巫女見習いの私、悪魔に溺愛されたら何故か聖女になってしまいました。
サラの命に別状がないと知り、張り詰めていた緊張が解けていく。
「では、詳しい話は明日にして、今日はもうお休みください。叙任の儀式や祝賀会でお疲れでしょう。サラは私が責任を持ってお預かりしますから」
サラを心配するシス殿だったが、眠っているサラを今から離宮へ運ぶわけにはいかないと伝えると、僕の提案を受け入れてくれた。
「お気遣い有難うございます。では、明日改めてお伺い致します」
シス殿を送り出し、呼び出していた王宮医に断りを入れたところで、僕はようやく一息つくことができた。

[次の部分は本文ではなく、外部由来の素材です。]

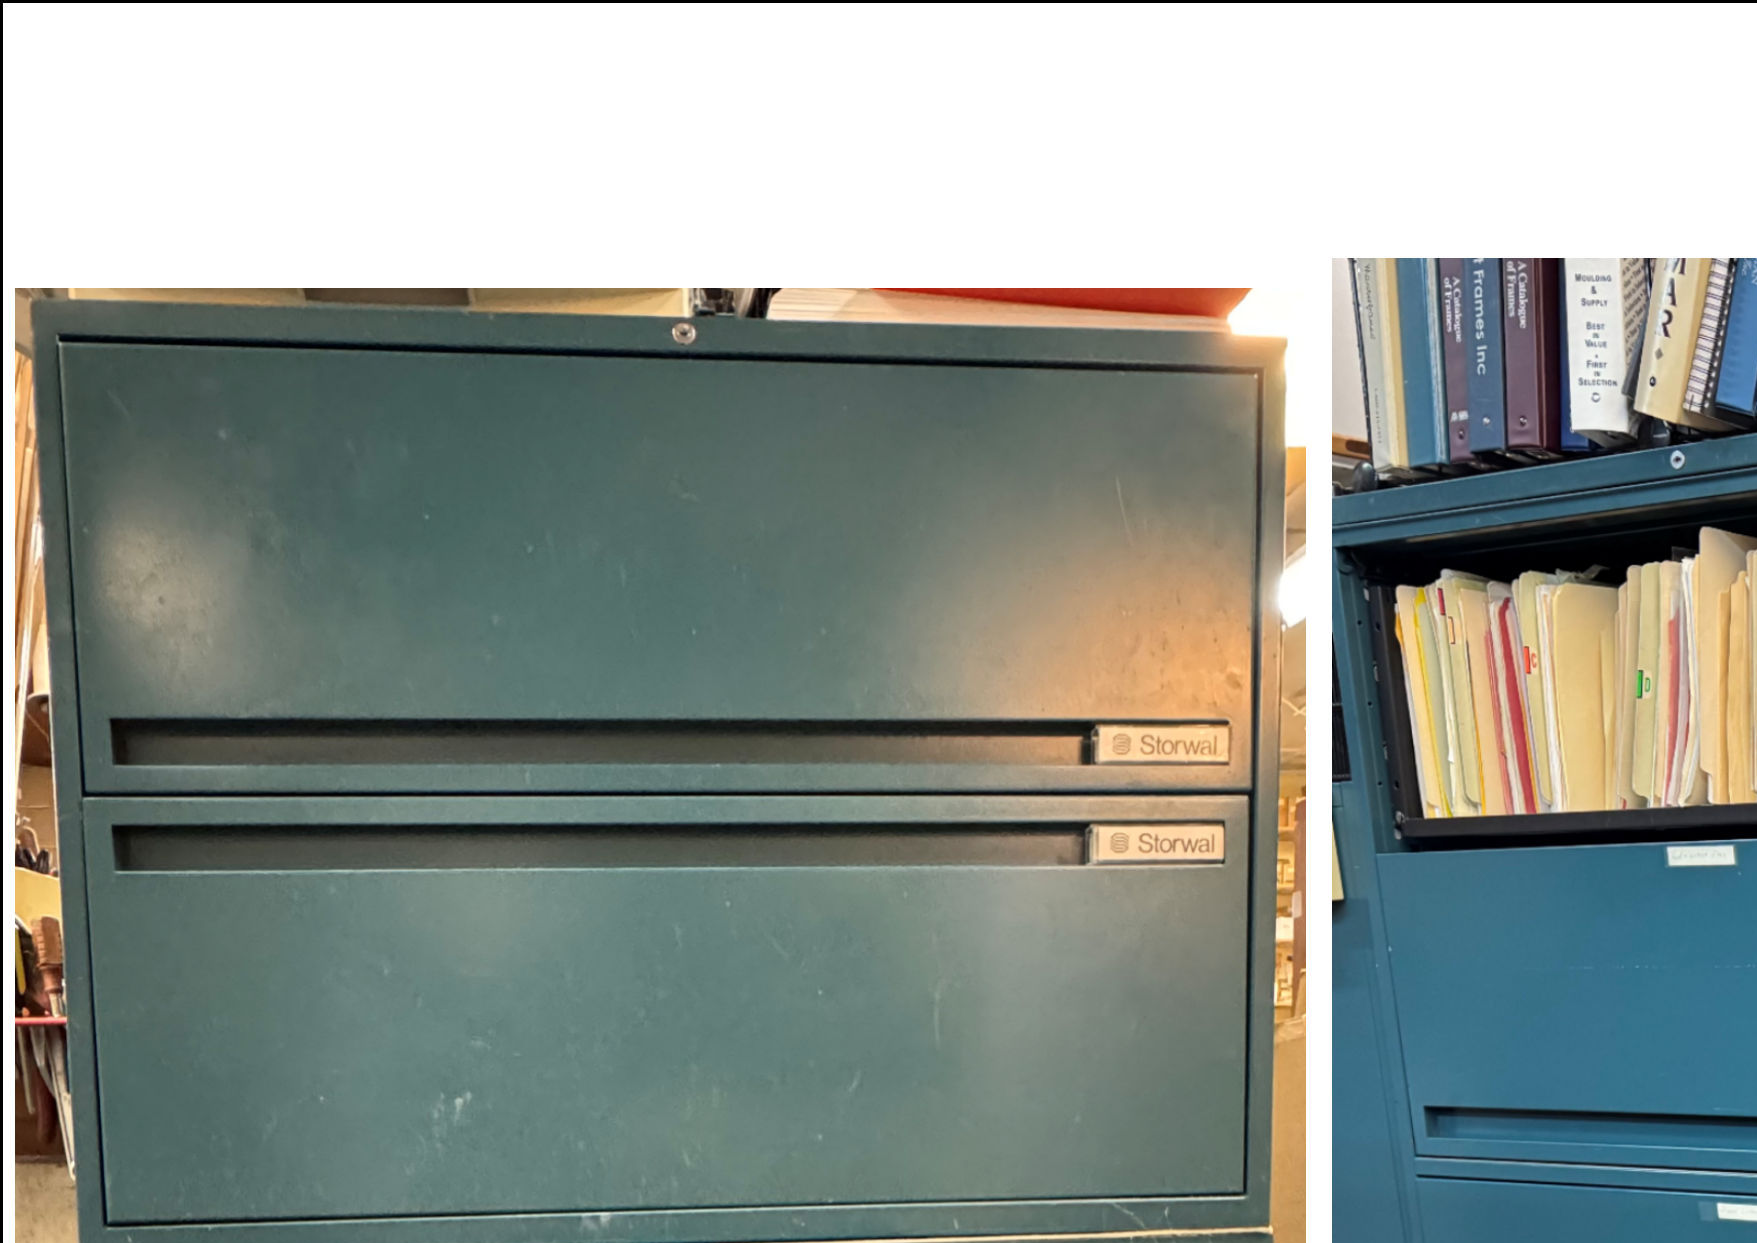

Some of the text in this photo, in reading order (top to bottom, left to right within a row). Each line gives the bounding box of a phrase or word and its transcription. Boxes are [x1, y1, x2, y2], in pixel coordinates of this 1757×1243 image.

[1574, 273, 1612, 282] MOULDING
[1506, 260, 1517, 318] of Frames
[1590, 285, 1598, 295] &
[1443, 277, 1453, 333] of Frames
[1473, 269, 1485, 340] Frames
[1518, 273, 1528, 329] Catalogue
[1580, 298, 1608, 307] SUPPLY
[1453, 288, 1463, 343] Catalogue
[1585, 321, 1605, 330] BEST
[1584, 340, 1608, 349] VALUE
[1476, 345, 1488, 376] Inc
[1585, 360, 1608, 369] FIRST
[1577, 377, 1618, 387] SELECTION
[1139, 734, 1218, 756] Storwal
[1137, 832, 1216, 854] Storwal
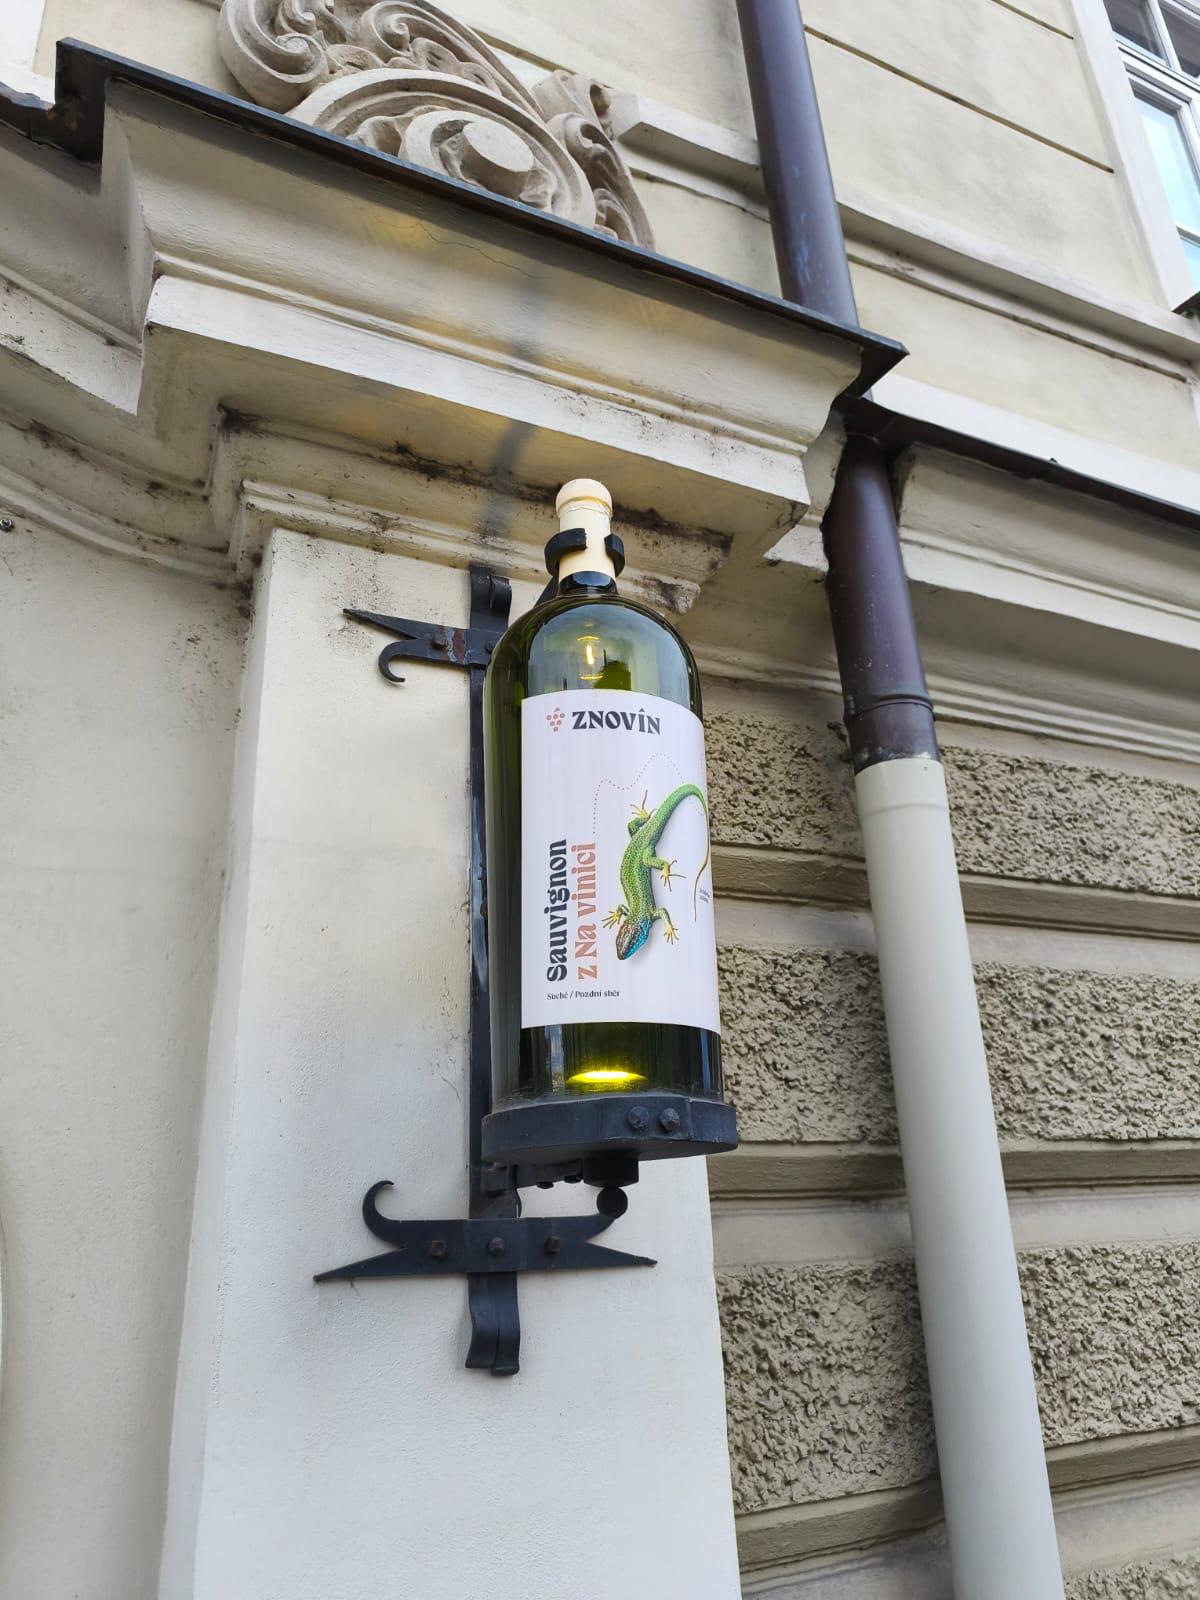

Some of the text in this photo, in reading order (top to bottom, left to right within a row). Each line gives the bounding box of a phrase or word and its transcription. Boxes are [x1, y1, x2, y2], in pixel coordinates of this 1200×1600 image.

[544, 839, 570, 982] Sauvignon
[571, 843, 597, 980] z Na vinici
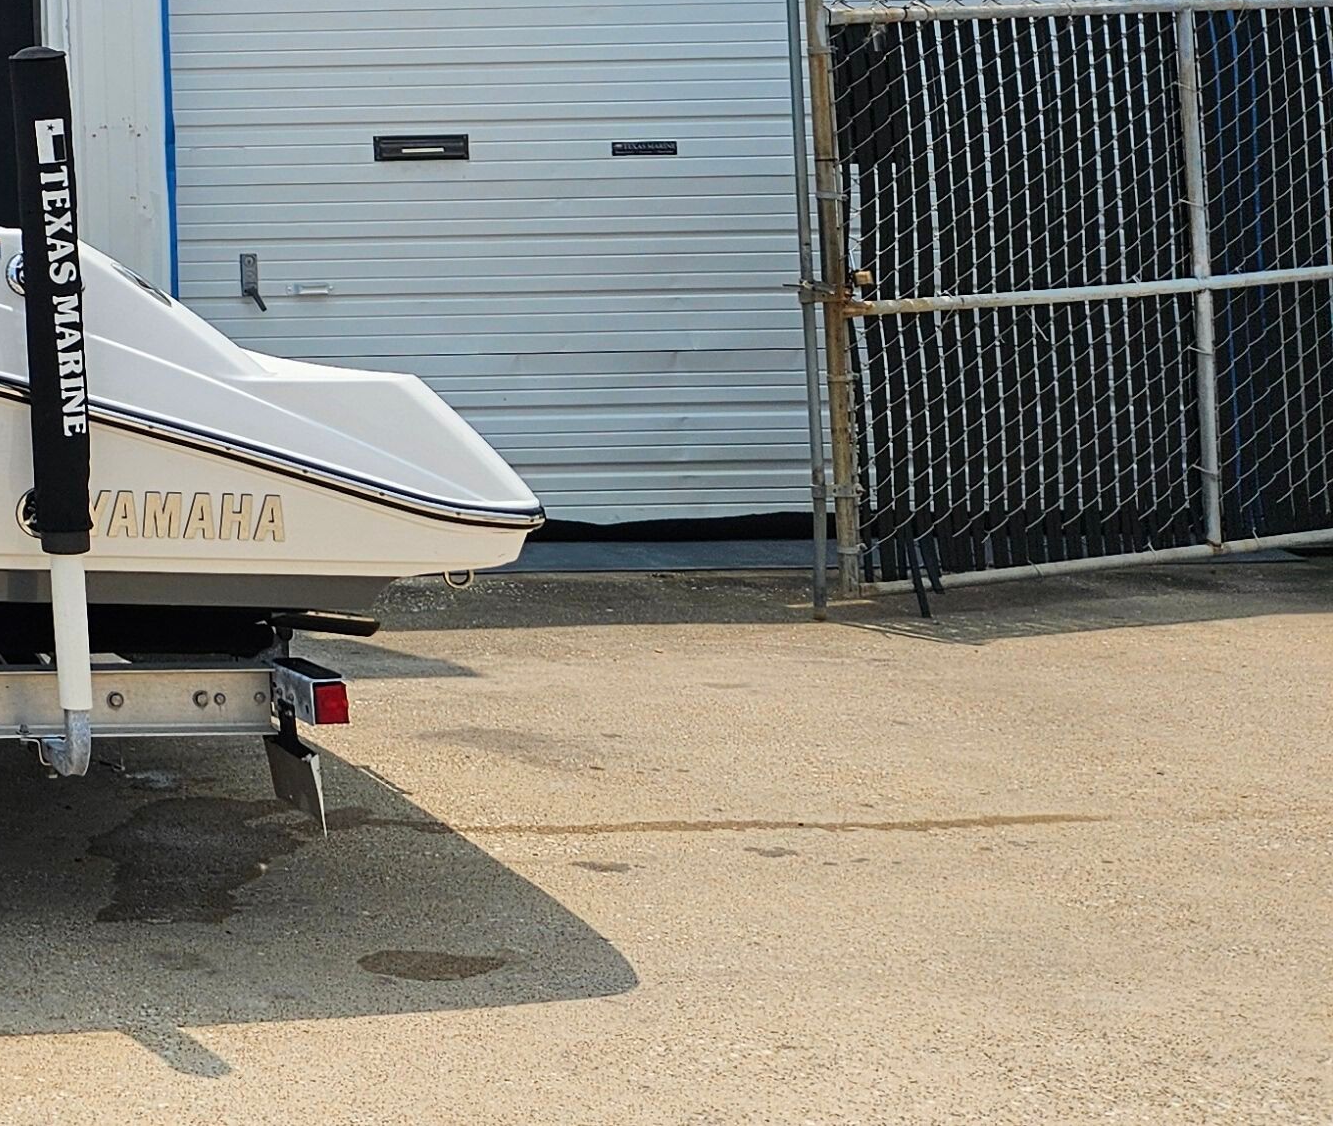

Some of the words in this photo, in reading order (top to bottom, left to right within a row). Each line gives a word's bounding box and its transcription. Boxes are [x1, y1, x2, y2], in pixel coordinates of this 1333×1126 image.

僕は眠り続けるサラの横に腰掛け、その寝顔を眺めながら考える。
(普通の巫女見習いではないと思っていたけれど、まさかサラが聖属性だったとは……)
シス殿から聞かされた時はまさか、と思ったけれど、彼女の性質を考えると、妙に納得出来ることがあったのも確かなのだ。
サラが慈悲深くて優しい少女なのはもちろんだけれど、僕は彼女と一緒にいる内に、自分の中にある醜いものが、少しずつ解れていくのを何度も感じていた。